Activity: Leaving out the images, transcribe every record below exactly.

The input:

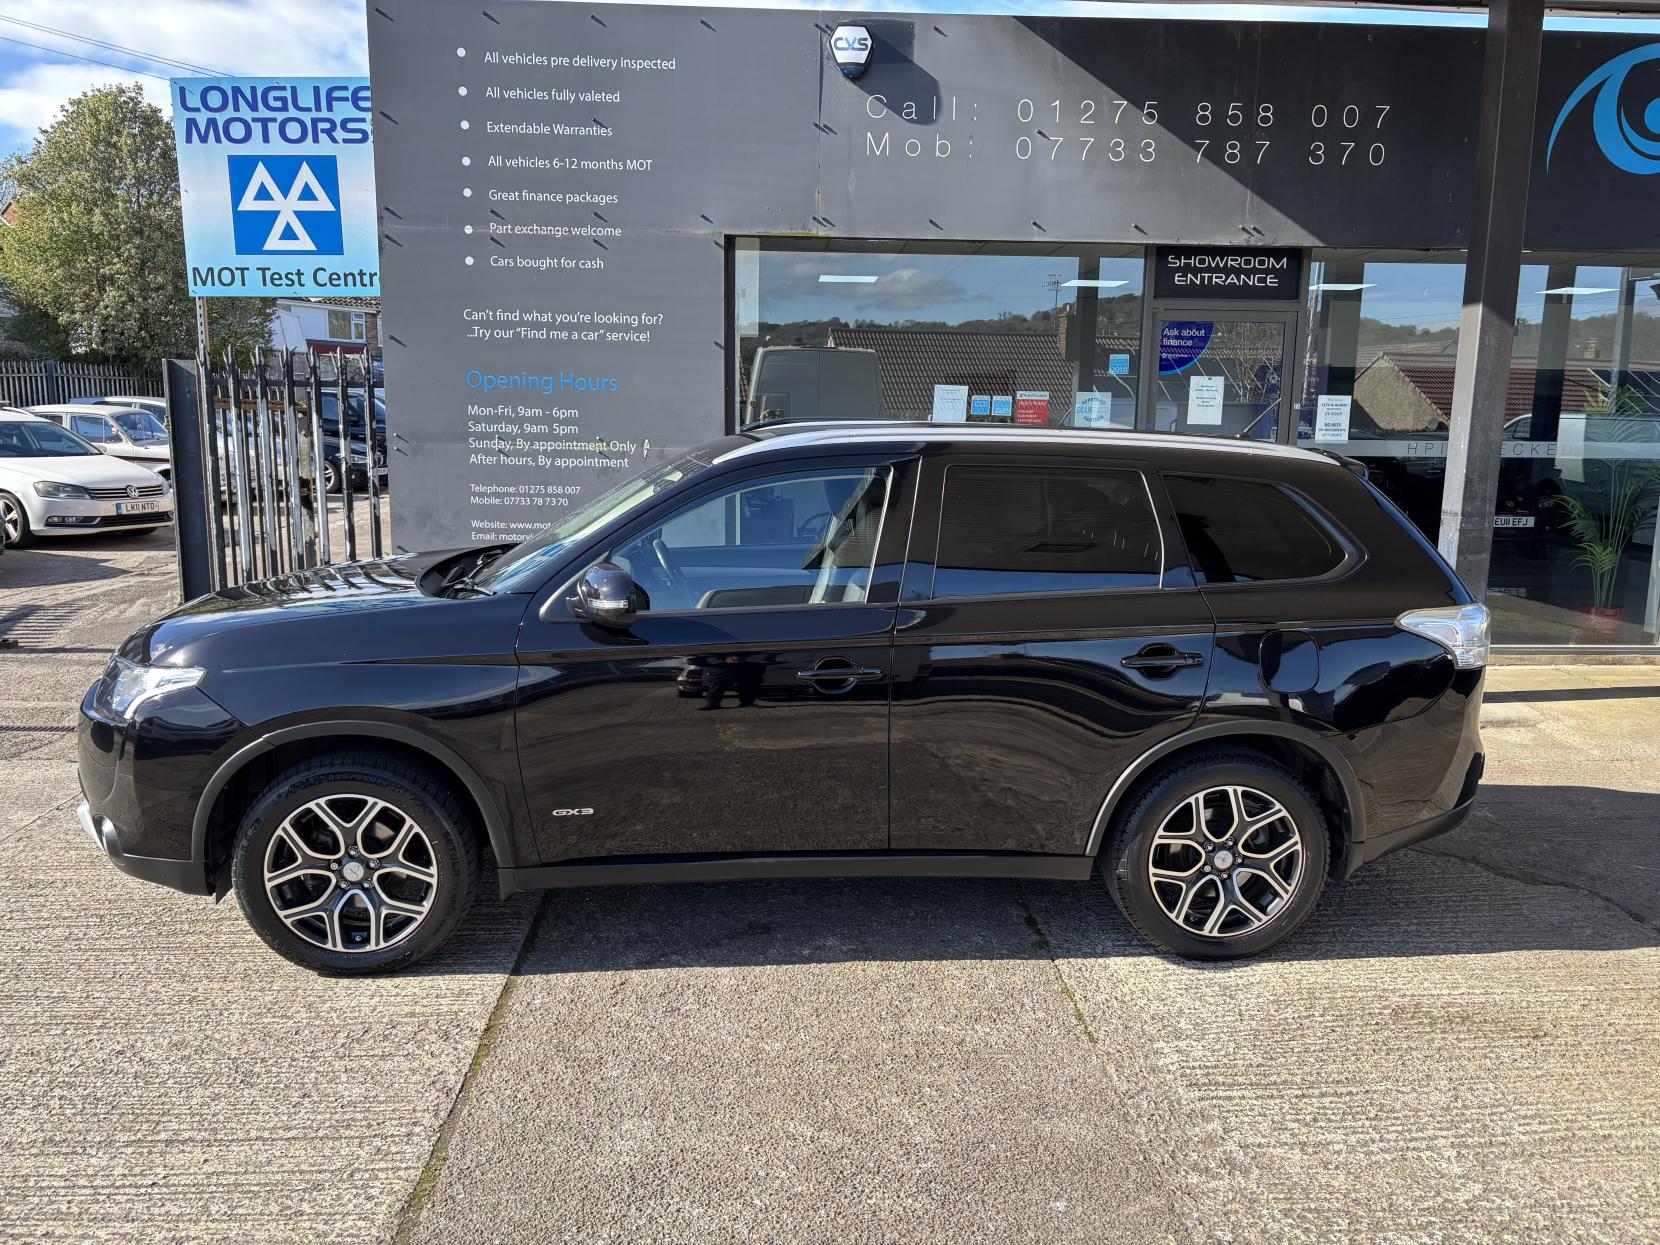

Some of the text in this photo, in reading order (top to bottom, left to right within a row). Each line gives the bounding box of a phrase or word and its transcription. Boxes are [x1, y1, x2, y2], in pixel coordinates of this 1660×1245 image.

[484, 51, 676, 71] All vehicles pre delivery inspected
[179, 85, 371, 113] LONGLIFE
[486, 87, 620, 103] All vehicles fully valeted
[866, 94, 1390, 128] Call: 01275 858 007
[185, 116, 369, 144] MOTORS
[487, 122, 613, 136] Extendable Warranties
[866, 132, 1385, 166] Mob: 07733 787 370
[488, 156, 652, 171] All vehicles 6-12 months MOT
[488, 189, 618, 205] Great finance packages
[490, 223, 621, 238] Part exchange welcome
[490, 256, 604, 270] Cars bought for cash
[1168, 255, 1287, 269] SHOWROOM
[192, 267, 380, 287] MOT Test Centr
[1175, 273, 1279, 286] ENTRANCE
[496, 310, 519, 322] find
[522, 311, 552, 323] what
[594, 312, 638, 326] looking
[641, 313, 663, 325] for?
[494, 329, 514, 338] our
[550, 330, 568, 340] me
[572, 330, 578, 340] a
[606, 331, 650, 342] service!
[1163, 328, 1205, 336] Ask about
[1163, 338, 1192, 346] finance
[467, 370, 618, 394] Opening Hours
[468, 405, 515, 417] Mon-Fri,
[518, 406, 542, 417] 9am
[553, 407, 578, 419] 6pm
[468, 422, 578, 435] Saturday, 9am 5pm
[469, 438, 636, 454] Sunday, By appointment Only
[1408, 443, 1443, 455] HPI
[470, 454, 629, 469] After hours, By appointment
[470, 484, 517, 494] Telephone:
[565, 486, 580, 494] 007
[470, 496, 502, 504] Mobile:
[471, 520, 507, 528] Website:
[1512, 518, 1528, 526] EFJ
[472, 532, 497, 540] Email:
[552, 808, 594, 816] GX3

Exercise solution:
Some of the text in this photo, in reading order (top to bottom, left to right within a row). Each line gives the bounding box of a phrase or word and its transcription. Boxes are [x1, y1, x2, y2], in pixel coordinates of this 1660×1245 image.

[484, 51, 676, 71] All vehicles pre delivery inspected
[179, 85, 371, 113] LONGLIFE
[486, 87, 620, 103] All vehicles fully valeted
[866, 94, 1390, 128] Call: 01275 858 007
[185, 116, 369, 144] MOTORS
[487, 122, 613, 136] Extendable Warranties
[866, 132, 1385, 166] Mob: 07733 787 370
[488, 156, 652, 171] All vehicles 6-12 months MOT
[488, 189, 618, 205] Great finance packages
[490, 223, 621, 238] Part exchange welcome
[490, 256, 604, 270] Cars bought for cash
[1168, 255, 1287, 269] SHOWROOM
[192, 267, 380, 287] MOT Test Centr
[1175, 273, 1279, 286] ENTRANCE
[496, 310, 519, 322] find
[522, 311, 552, 323] what
[594, 312, 638, 326] looking
[641, 313, 663, 325] for?
[494, 329, 514, 338] our
[550, 330, 568, 340] me
[572, 330, 578, 340] a
[606, 331, 650, 342] service!
[1163, 328, 1205, 336] Ask about
[1163, 338, 1192, 346] finance
[467, 370, 618, 394] Opening Hours
[468, 405, 515, 417] Mon-Fri,
[518, 406, 542, 417] 9am
[553, 407, 578, 419] 6pm
[468, 422, 578, 435] Saturday, 9am 5pm
[469, 438, 636, 454] Sunday, By appointment Only
[1408, 443, 1443, 455] HPI
[470, 454, 629, 469] After hours, By appointment
[470, 484, 517, 494] Telephone:
[565, 486, 580, 494] 007
[470, 496, 502, 504] Mobile:
[471, 520, 507, 528] Website:
[1512, 518, 1528, 526] EFJ
[472, 532, 497, 540] Email:
[552, 808, 594, 816] GX3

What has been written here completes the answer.